Zee Business: Google postpones Android 11 unveiling amid US protests. “Alphabet Inc`s Google on Saturday said it has postponed next week`s planned unveiling of the beta version of its latest Android 11 mobile operating system in light of protests and unrest in the United States.”
AROUND THE SEARCH AND SOCIAL MEDIA WORLD
NBC12: Digital map provides access to historic African-American cemetery online. “A digital map will be providing online access to East End Cemetery, a historic African-American burial ground in Henrico. Built by the University of Richmond’s Digital Scholarship Lab, Department of Geography and the Environment, and Spatial Analysis Lab, the map features drone-captured imagery and GPS data points collected by hundreds of students and volunteers organized by the Friends of East End.”

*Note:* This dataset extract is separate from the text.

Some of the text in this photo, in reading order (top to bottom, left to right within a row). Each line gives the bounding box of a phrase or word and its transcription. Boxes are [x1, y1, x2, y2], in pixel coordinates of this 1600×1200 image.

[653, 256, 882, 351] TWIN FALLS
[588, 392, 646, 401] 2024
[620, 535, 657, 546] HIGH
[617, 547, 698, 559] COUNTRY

FAD Magazine: World’s first virtual museum VOMA to launch next month – with your help. “VOMA – the Virtual Online Museum of Art – is the world’s first virtual museum. Opening next month, it will present exquisitely curated exhibitions to feature seminal works on loan from major institutions around the world, alongside those by our most celebrated contemporary artists.”
SECURITY & LEGAL
Techdirt: Secret Service Sends FOIA Requester A Redacted Version Of A Public DOJ Press Release. “Emma Best — someone the government feels is a ‘vexatious’ FOIA filer — just received a completely stupid set of redactions from the Secret Service. Best requested documents mentioning darknet market Hansa, which was shut down (along with Alpha Bay) following an investigation by US and Dutch law enforcement agencies. The documents returned to Best contained redactions. This is unsurprising given the nature of the investigation. What’s surprising is what the Secret Service decided to redact. As Best pointed out on Twitter, the Secret Service decided public press releases by the DOJ were too sensitive to be released to the general public.”

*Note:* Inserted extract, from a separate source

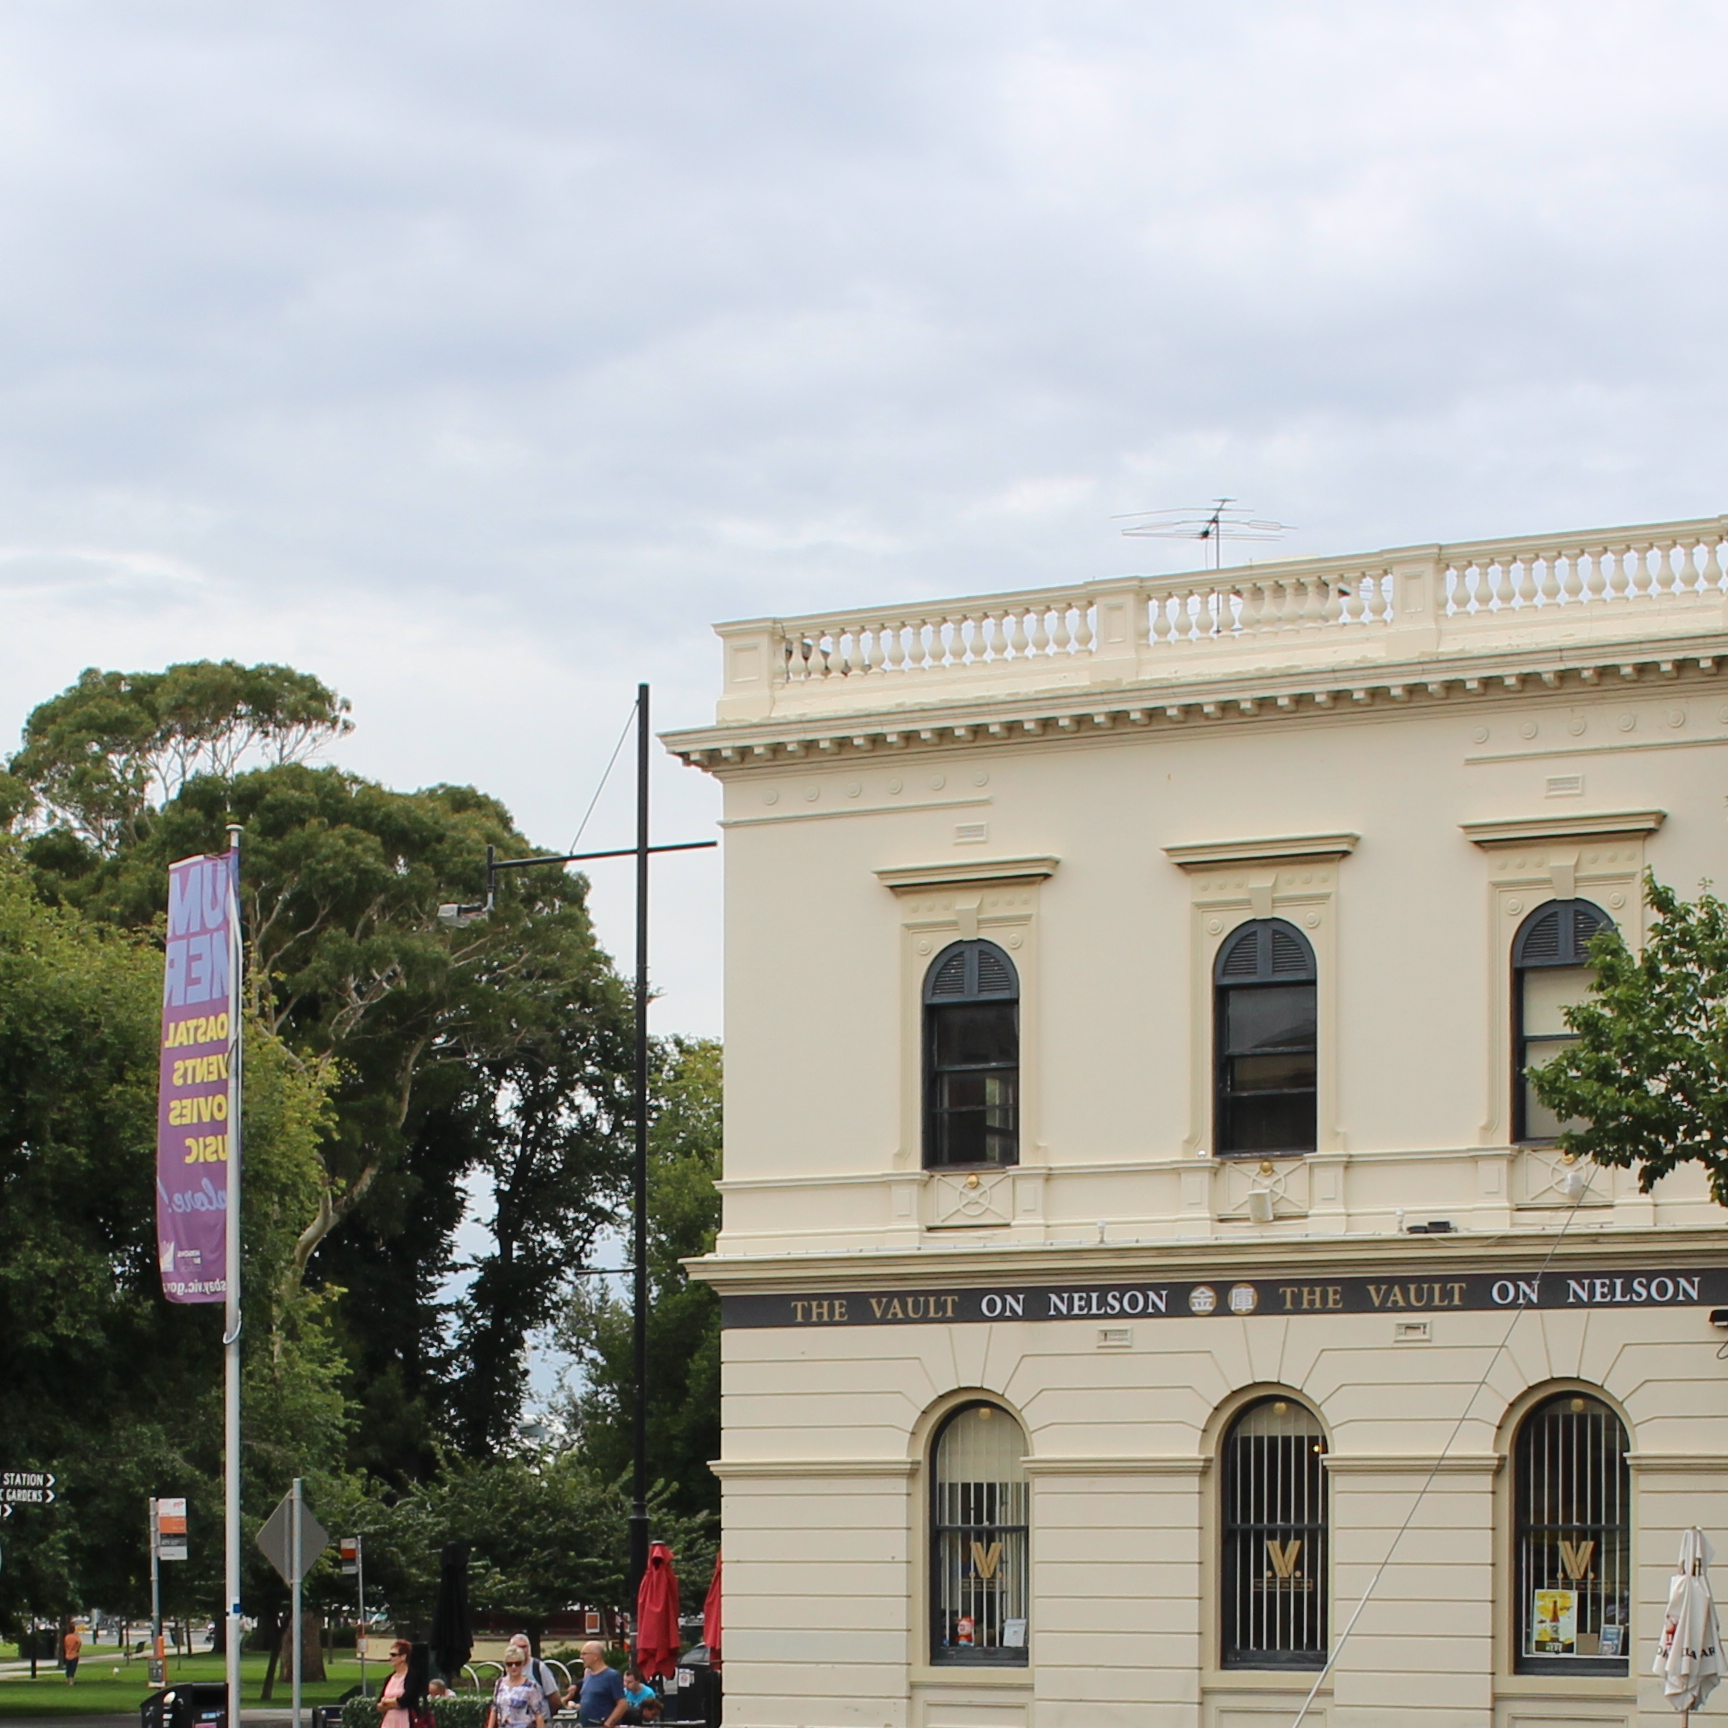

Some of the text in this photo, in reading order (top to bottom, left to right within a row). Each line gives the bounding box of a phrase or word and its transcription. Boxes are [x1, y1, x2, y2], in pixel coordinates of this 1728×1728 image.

[1278, 1277, 1701, 1309] THE VAULT ON NELSON
[791, 1290, 1168, 1322] THE VAULT ON NELSON
[3, 1472, 44, 1486] STATION
[6, 1488, 43, 1502] GARDENS

CNET: How the FCC got involved in Trump’s war against Twitter. “With a stroke of his pen, President Donald Trump asked the Federal Communications Commission to regulate Facebook, Twitter and other social media companies. That would be a new task for the independent agency, and it’s unclear if its Republican leadership will take on the role. After all, the agency repealed net neutrality protections in 2017 so that it wouldn’t have to regulate broadband companies, like Comcast and Verizon.”

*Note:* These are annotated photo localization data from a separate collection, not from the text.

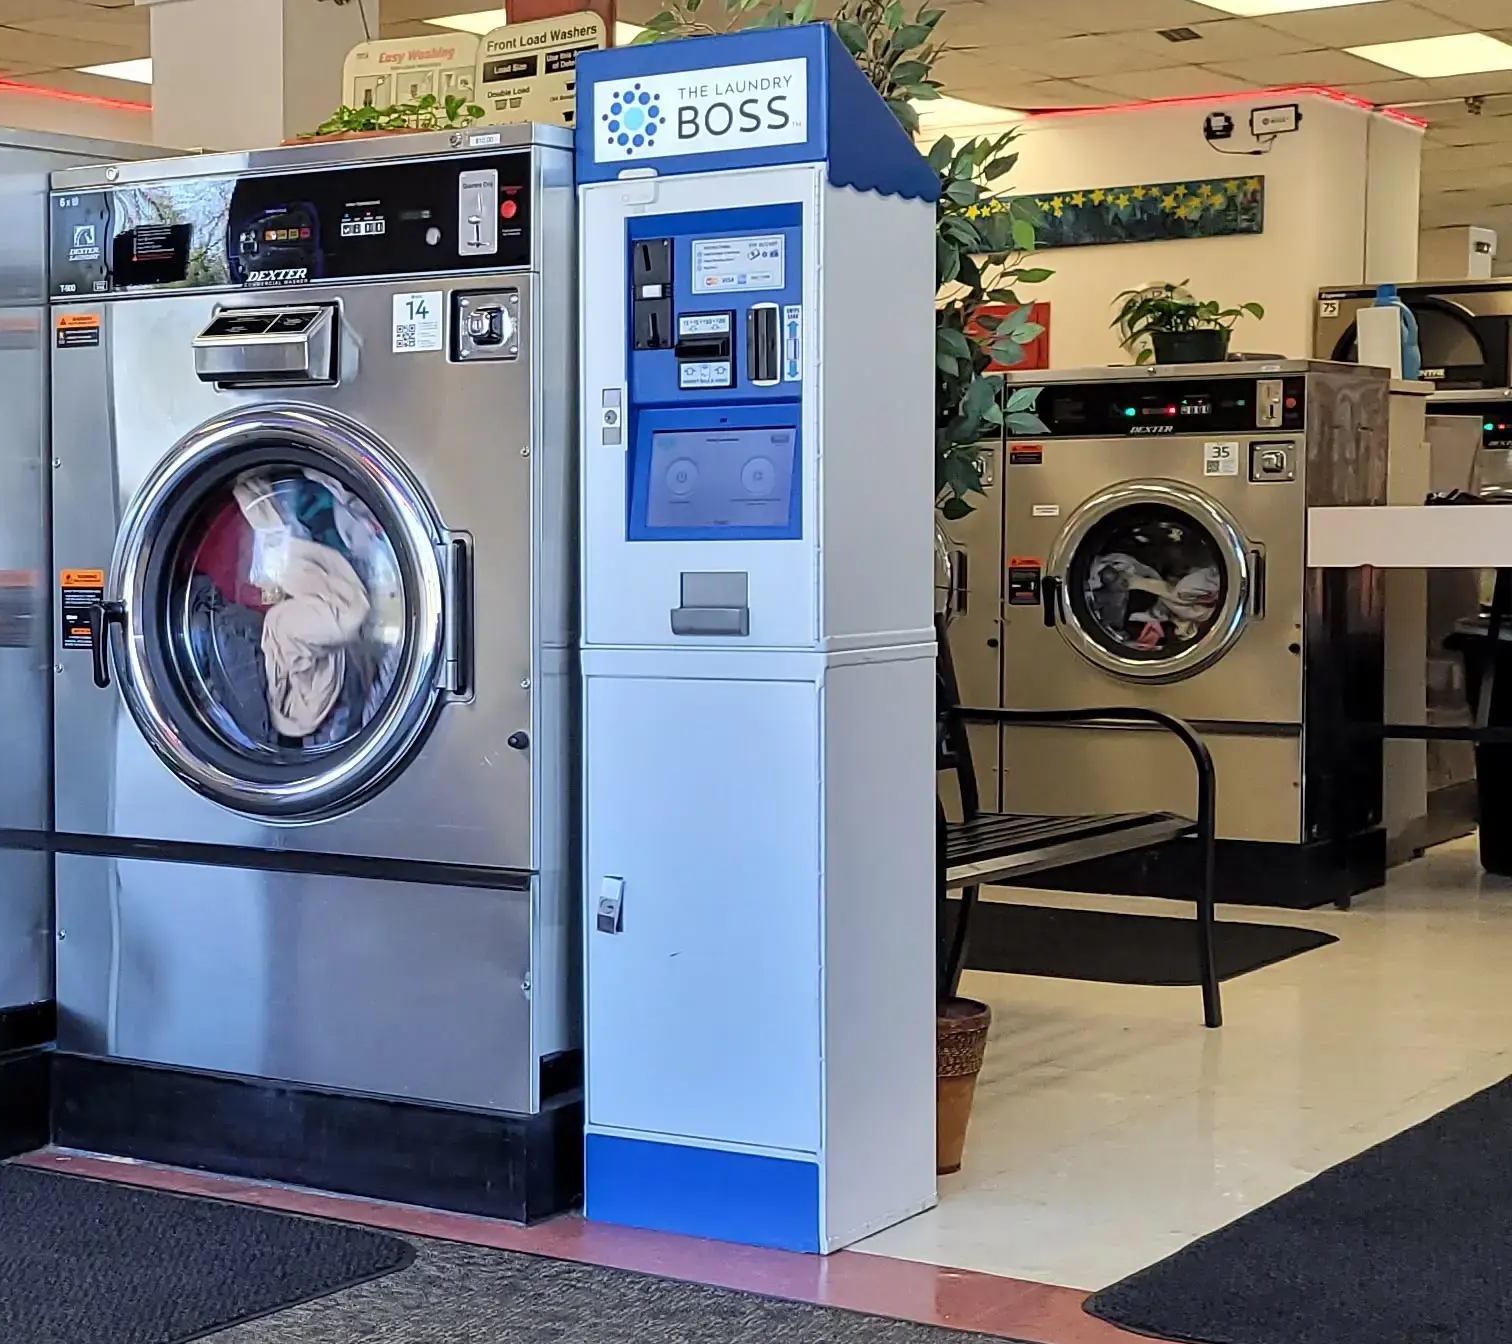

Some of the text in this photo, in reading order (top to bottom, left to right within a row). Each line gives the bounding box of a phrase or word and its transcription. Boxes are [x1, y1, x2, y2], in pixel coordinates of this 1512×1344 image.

[487, 25, 597, 52] Front Load Washers
[378, 52, 405, 64] Easy
[408, 47, 456, 61] Washing
[493, 62, 527, 74] Load Size
[487, 86, 530, 98] Double Load
[677, 74, 793, 100] THE LAUNDRY
[677, 95, 790, 140] BOSS
[245, 268, 308, 282] DEXTER
[405, 299, 430, 321] 14
[1322, 302, 1337, 313] 75
[1129, 425, 1174, 434] DEXTER
[1211, 446, 1230, 459] 35

CNN: The ACLU sues Clearview AI, calling the tool an ‘unprecedented violation’ of privacy rights. “The American Civil Liberties Union is suing Clearview AI, the maker of a facial-recognition tool used by law enforcement agencies across the country. The ACLU alleges that Clearview’s technology runs afoul of the 2008 Illinois Biometric Information Privacy Act, according to the complaint, filed Thursday in the Circuit Court of Cook County, Illinois.”
RESEARCH & OPINION
Forbes: New Art Scanning Method Offers 3-D Image Of Painting’s Brush Strokes . “As tempting as it may be, you can’t touch a painting in a museum. And now that many museums are closed, you’re even further from seeing the close-up detail in brush strokes that can tell you so much about how the art was created. But now, a collaboration between artists and researchers at Penn State and the New Jersey Institute of Technology have come closer to developing a method that makes it possible to scan a sizeable section of a painting and turn it into a 3-D model that maintains the fine brush stroke pattern details.”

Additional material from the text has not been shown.